In the journal Science Translational Medicine, researchers have provided the first evidence that a drug compound named EIDD-1931 is effective against SARS-CoV-2, the virus that causes COVID-19.
The compound blocked replication of a broad spectrum of coronaviruses. The investigators also showed that EIDD-2801, a form of EIDD-1931 that can be taken orally, prevents severe lung injury in mice with COVID-19 infection.
“We are amazed at the ability of EIDD-1931 and -2801 to inhibit all tested coronaviruses and the potential for oral treatment of COVID-19,” said co-author Andrea Pruijssers, Ph.D., research assistant professor at Vanderbilt University Medical Center.
The compound, developed at the Emory Institute for Drug Development in Atlanta, was previously put to the test in research led by Mark Denison, M.D., Edward Claiborne Stahlman Professor of Pediatrics and director of the Division of Pediatric Infectious Diseases at Vanderbilt; with Maria Agostini Ph.D., a student in the Denison laboratory; Pruijssers; and colleagues in the laboratory of Ralph Baric, Ph.D. at the University of North Carolina at Chapel Hill. The researchers previously reported that EIDD-1931 blocked replication of several coronaviruses potently, worked by introducing lethal mutations in the virus, and effectively blocked resistance development.
In the latest study, the researchers showed EIDD-1931 has antiviral activity against SARS-CoV2, MERS-CoV, SARS-CoV, and closely related bat coronaviruses.
EIDD-1931 inhibited coronavirus replication in human airway cell cultures up to 100,000 fold. In mouse models infected with SARS-CoV or MERS-CoV, giving the drug before or shortly after infection prevented disease, blocked virus replication and prevented death.
Targeting Coronavirus RNA
Denison is an internationally known authority on coronavirus biology, providing foundational data now being used to support COVID-19 clinical trials.
“We knew a coronavirus outbreak would happen, but we didn’t know when,” Denison said. “So from the beginning, we’ve been looking for antiviral compounds active against diverse coronaviruses, and if possible, against multiple virus families.”
“From the beginning, we’ve been looking for antiviral compounds active against diverse coronaviruses, and if possible, against multiple virus families.”
Denison’s team has focused on how coronaviruses replicate inside cells using RNA polymerases. The enzymes are highly conserved across coronaviruses in both structure and sequence, making them an attractive drug target.

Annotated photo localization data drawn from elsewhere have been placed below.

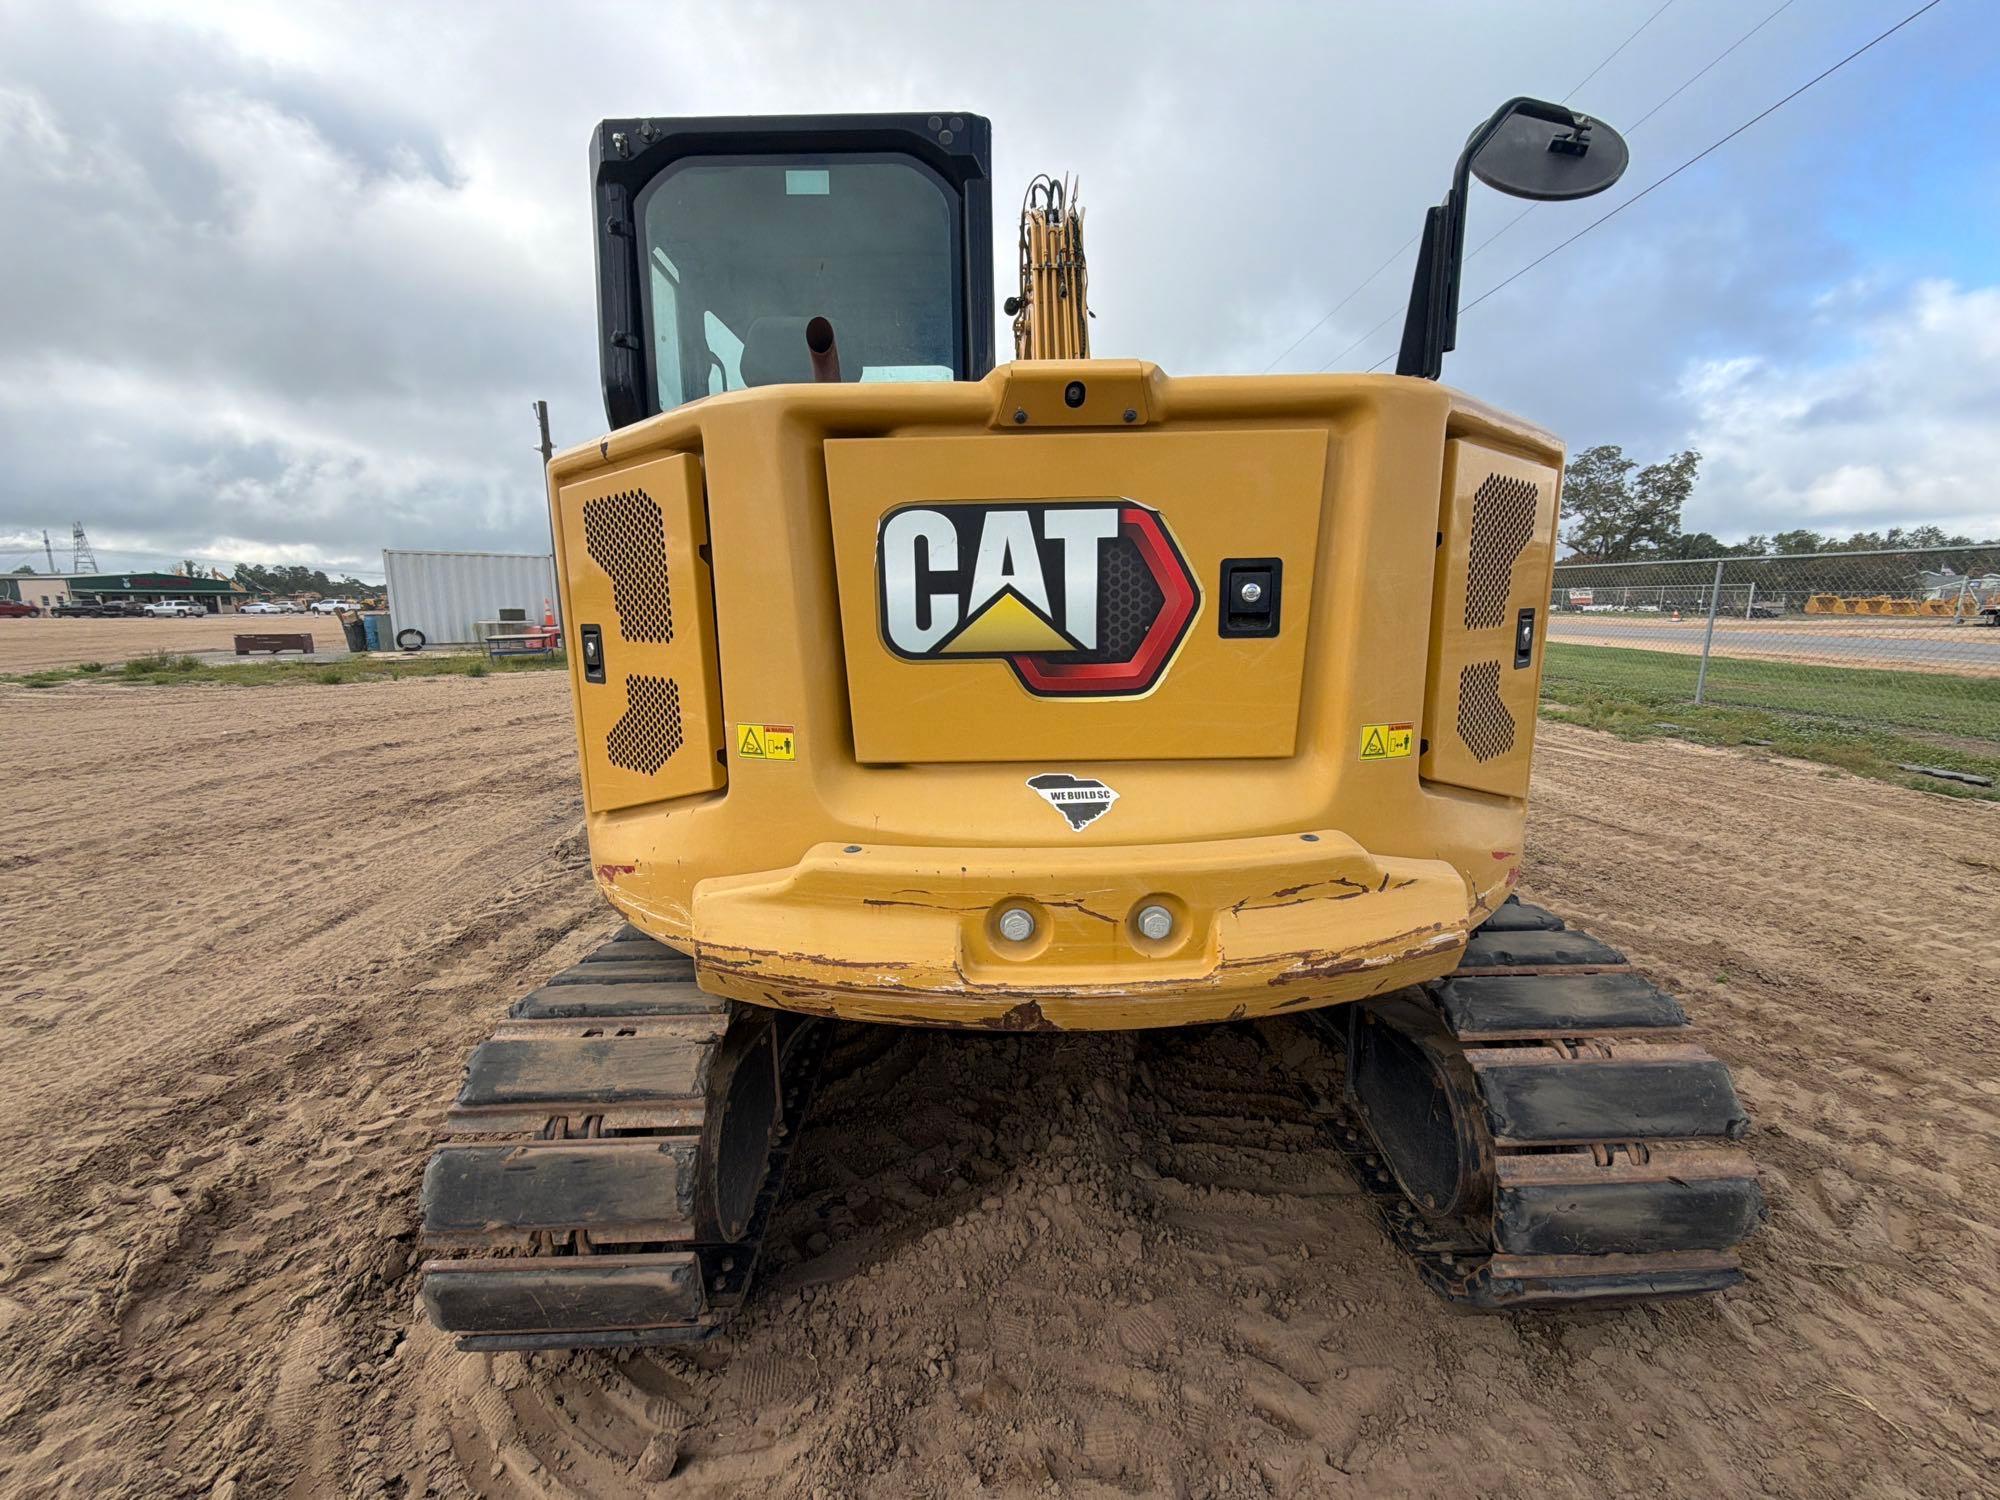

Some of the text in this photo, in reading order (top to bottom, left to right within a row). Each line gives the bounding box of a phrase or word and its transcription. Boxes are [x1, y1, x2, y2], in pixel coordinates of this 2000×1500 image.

[884, 508, 1119, 653] CAT
[1050, 790, 1110, 801] WE BUILD SC
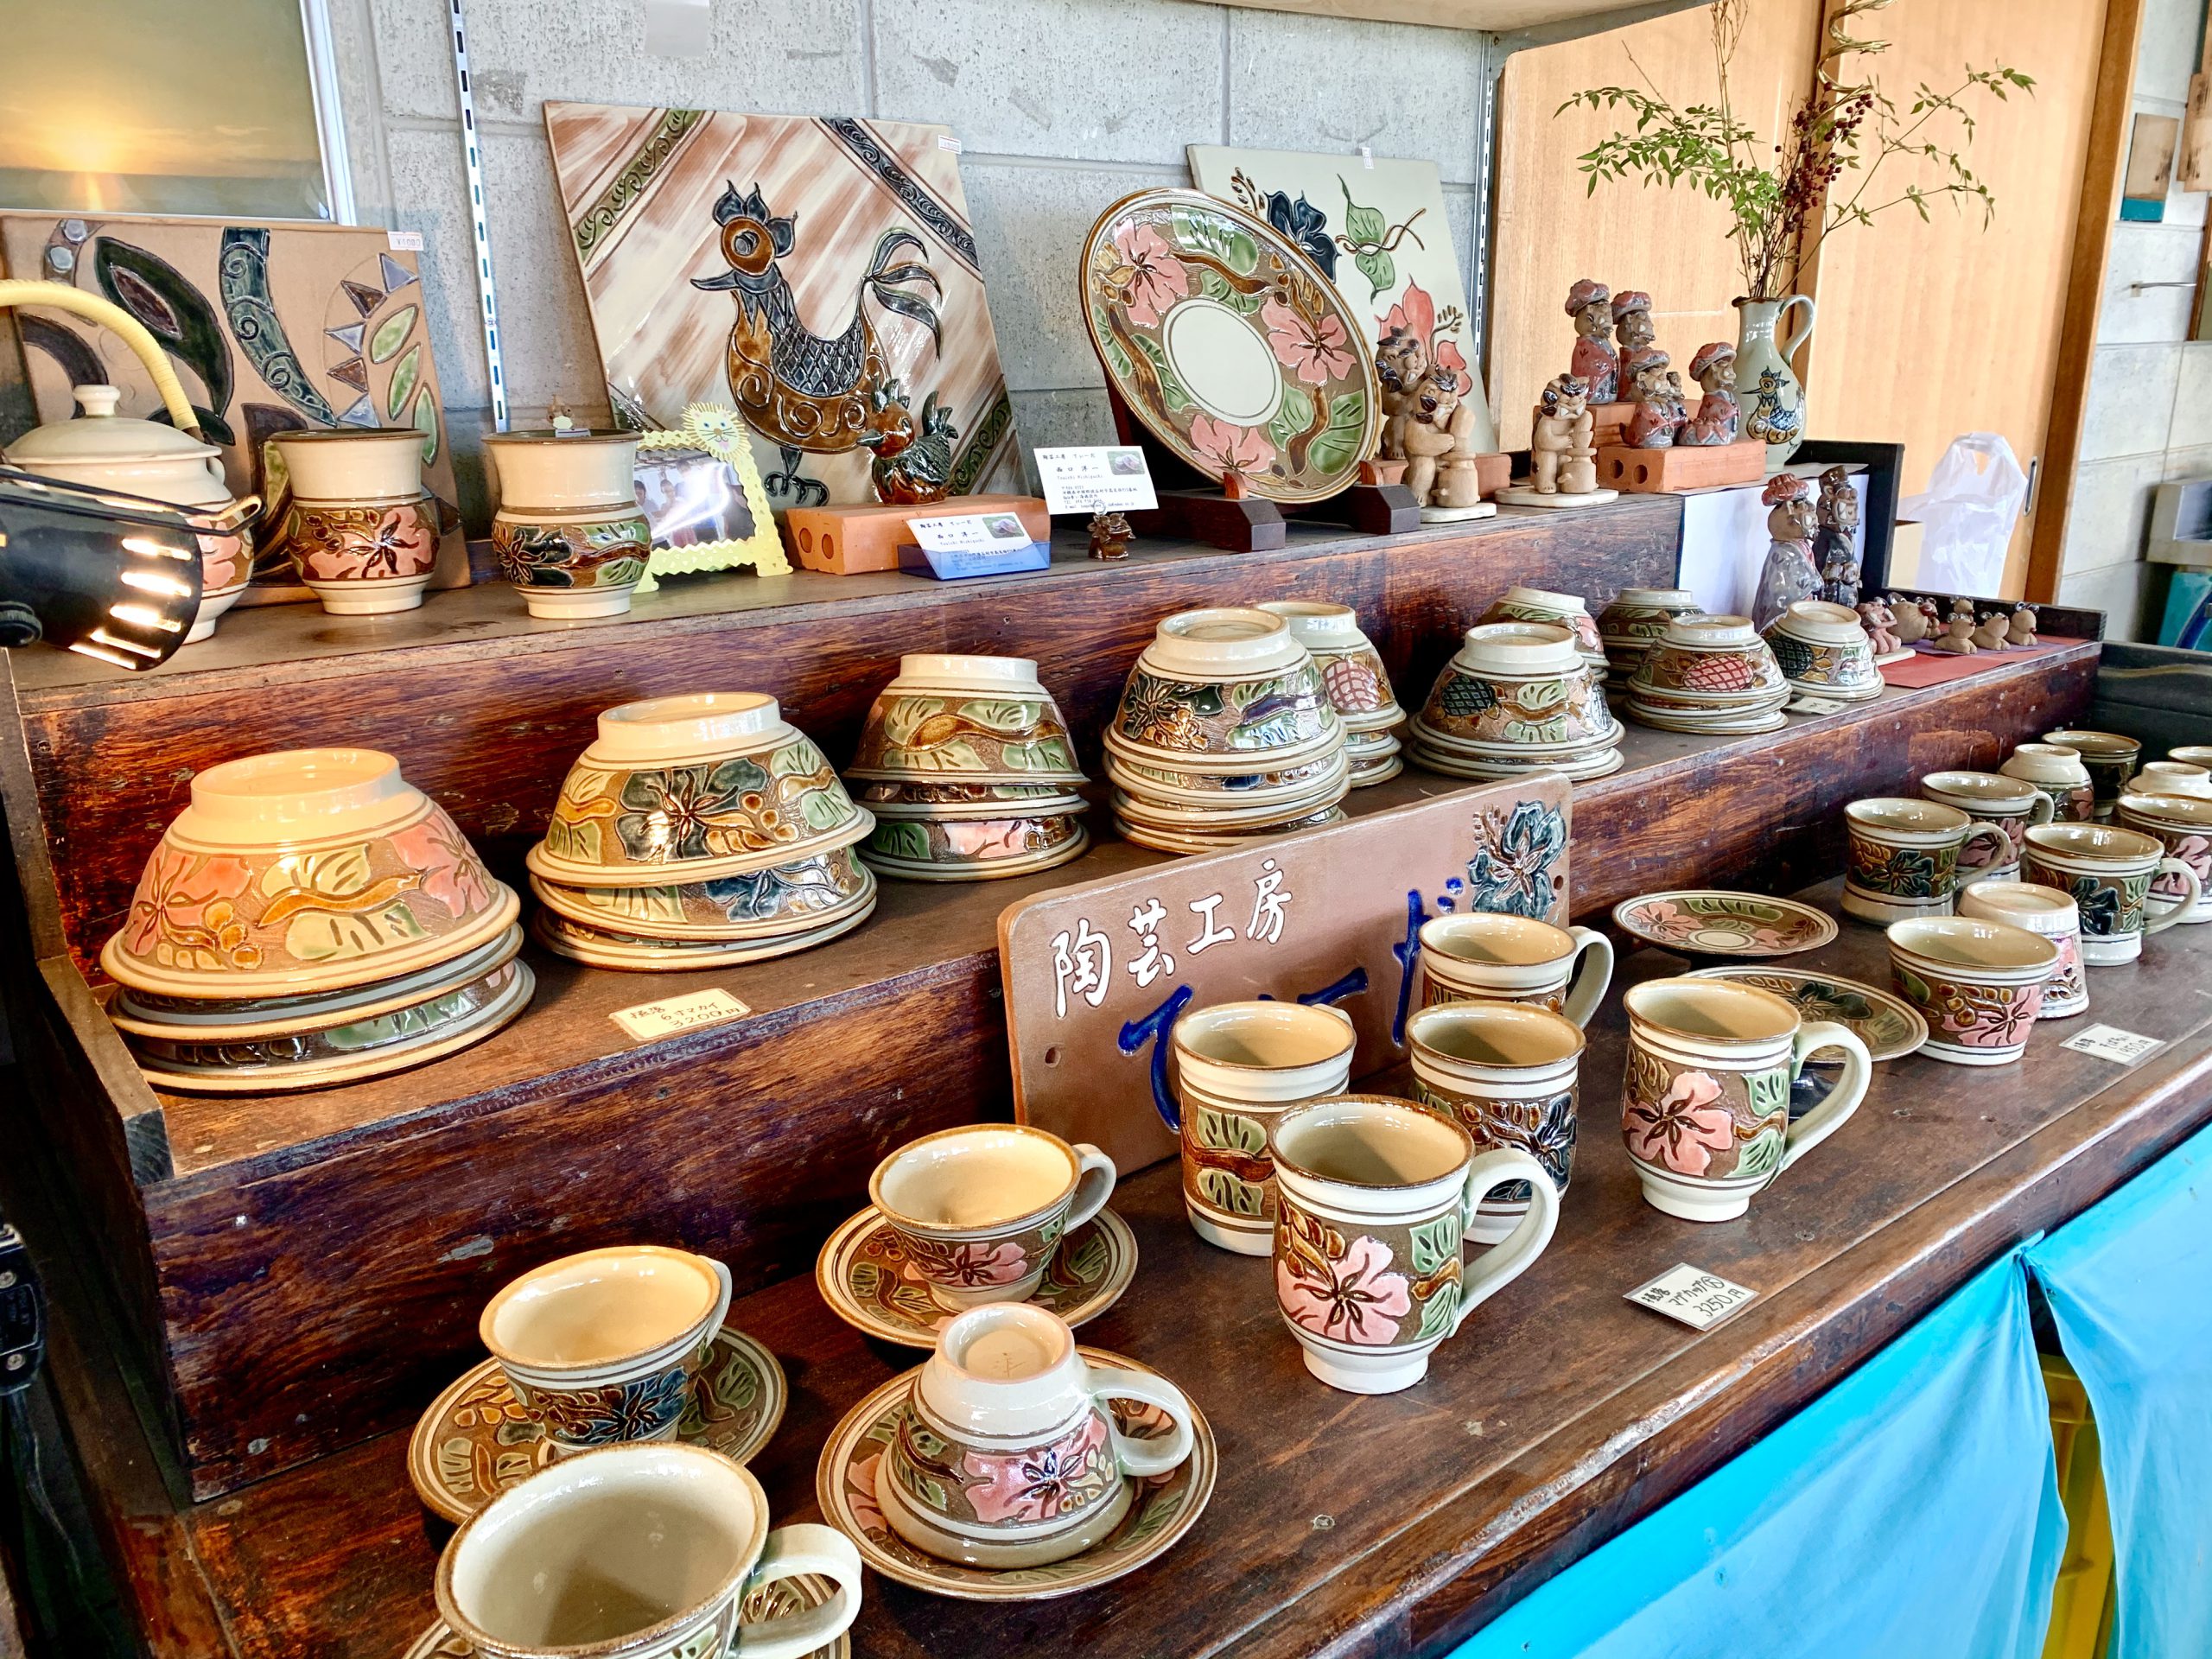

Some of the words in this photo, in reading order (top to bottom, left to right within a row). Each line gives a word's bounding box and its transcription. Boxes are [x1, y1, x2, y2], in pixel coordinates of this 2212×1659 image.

[1051, 858, 1294, 1020] 陶芸工房
[1693, 1288, 1745, 1317] 3250円
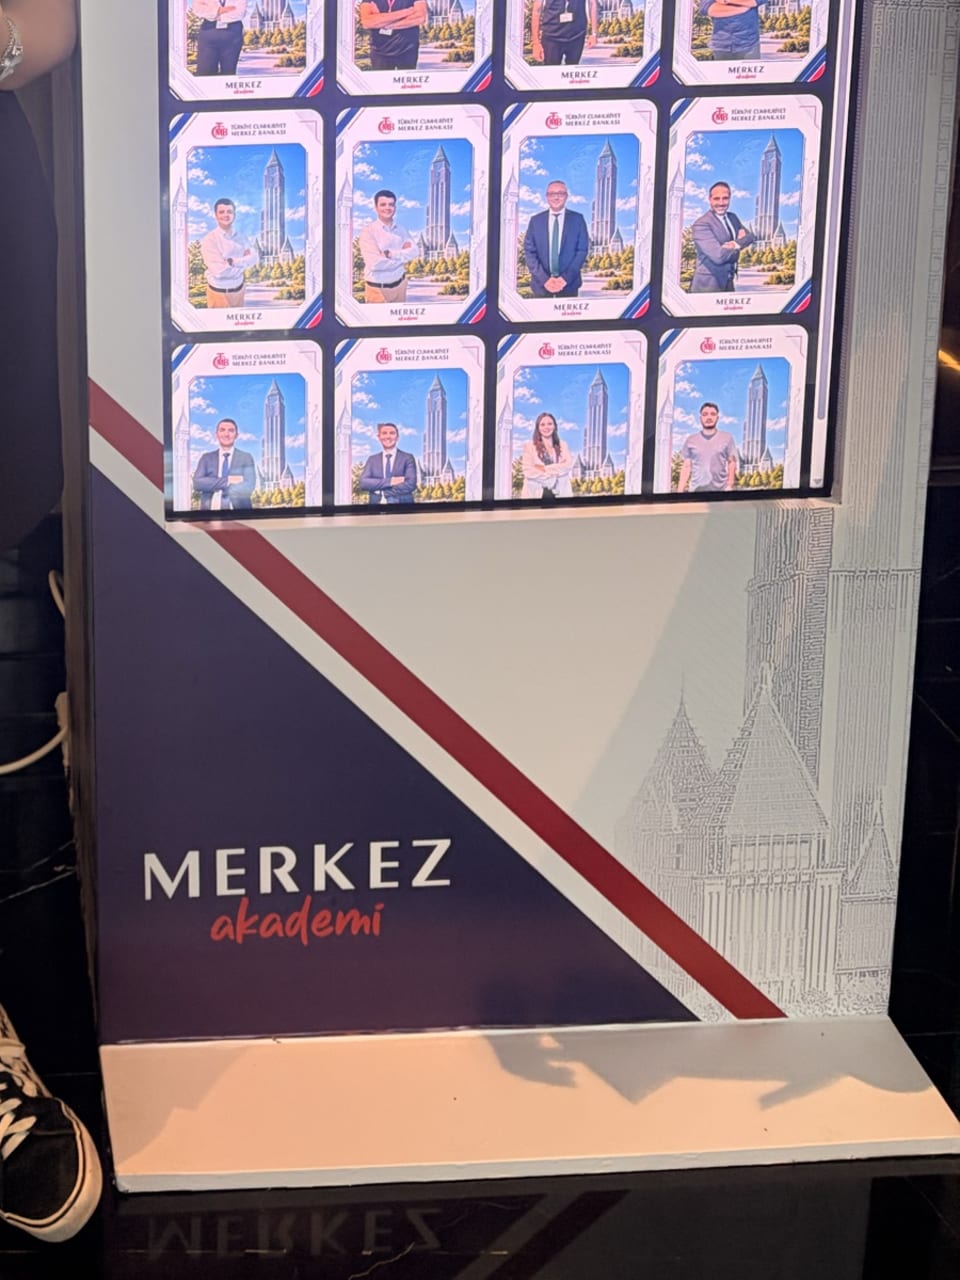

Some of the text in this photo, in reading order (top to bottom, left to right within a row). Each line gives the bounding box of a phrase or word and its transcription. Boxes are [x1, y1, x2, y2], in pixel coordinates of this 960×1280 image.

[727, 65, 765, 74] MERKEZ
[560, 70, 598, 79] MERKEZ
[392, 75, 430, 84] MERKEZ
[225, 80, 262, 89] MERKEZ
[715, 297, 751, 306] MERKEZ
[389, 307, 426, 316] MERKEZ
[553, 303, 590, 311] MERKEZ
[226, 312, 262, 321] MERKEZ
[144, 838, 452, 901] MERKEZ
[210, 895, 385, 946] akademi
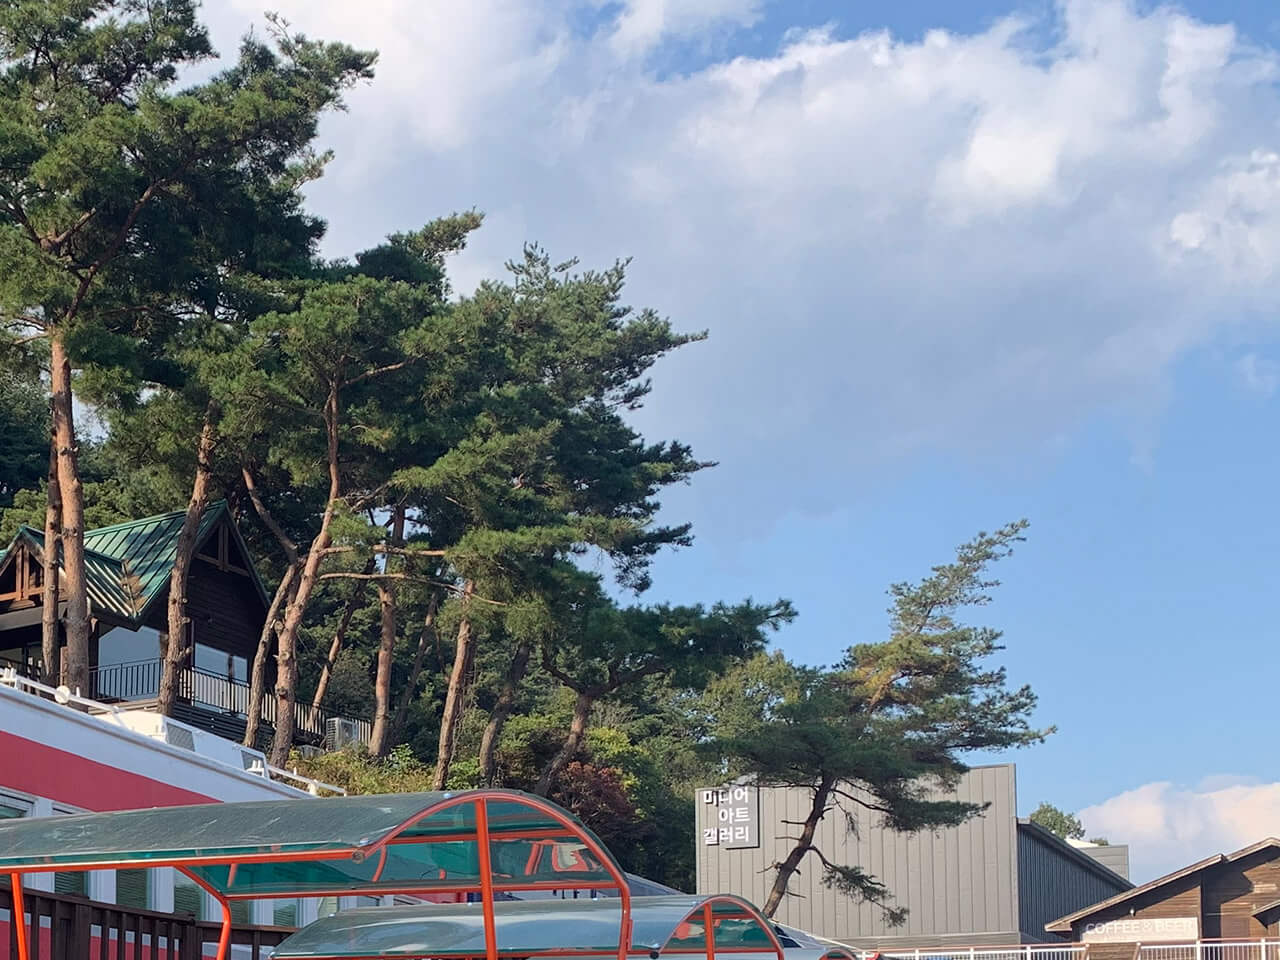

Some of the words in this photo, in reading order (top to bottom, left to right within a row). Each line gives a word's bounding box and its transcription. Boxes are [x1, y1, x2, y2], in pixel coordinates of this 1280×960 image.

In many virus families, flooding the cells with nucleoside analogs can trick the viral polymerases into making faulty RNA.
But unlike other RNA viruses, coronaviruses have a proofreading exonuclease, that can check new RNA for mistakes and either prevent or remove them. “This has led to challenges,” Denison said, to identify analogs that can work in the context of proofreading. The new study provides critical evidence that EIDD-1931 and -2801 can accomplish that goal.
A major concern with any antiviral drugs is the rapid development of resistance, which would render the drug ineffective. The study tested coronaviruses with resistance mutations to remdesivir (RDV), a ribonucleoside analog currently in clinical trials to treat COVID-19 infection. Agostini demonstrated that two mutations that confer some resistance to remdesivir actually increase sensitivity to EIDD-1931.
“Resistance to one drug makes it sensitive to the other drug,” Denison said. Since the resistance mechanisms do not appear to overlap, in combination the drugs might offer a “one-two” punch.
Further Drug Development
Denison and Baric’s laboratories have provided the majority of the preclinical data to support remdesivir’s development, showing its efficacy against a variety of coronaviruses.
“I am hopeful, as everyone on the planet, that remdesivir will show activity in humans or that we’ll find something close that does,” Denison said. “But, we will continue to move forward with the development of these compounds.”
He hopes that clinical trials for EIDD-2801 will begin later this spring. If the drug is successful, Denison notes it could not only help stop the spread of SARS-CoV-2 but also could control future outbreaks of other emerging coronaviruses.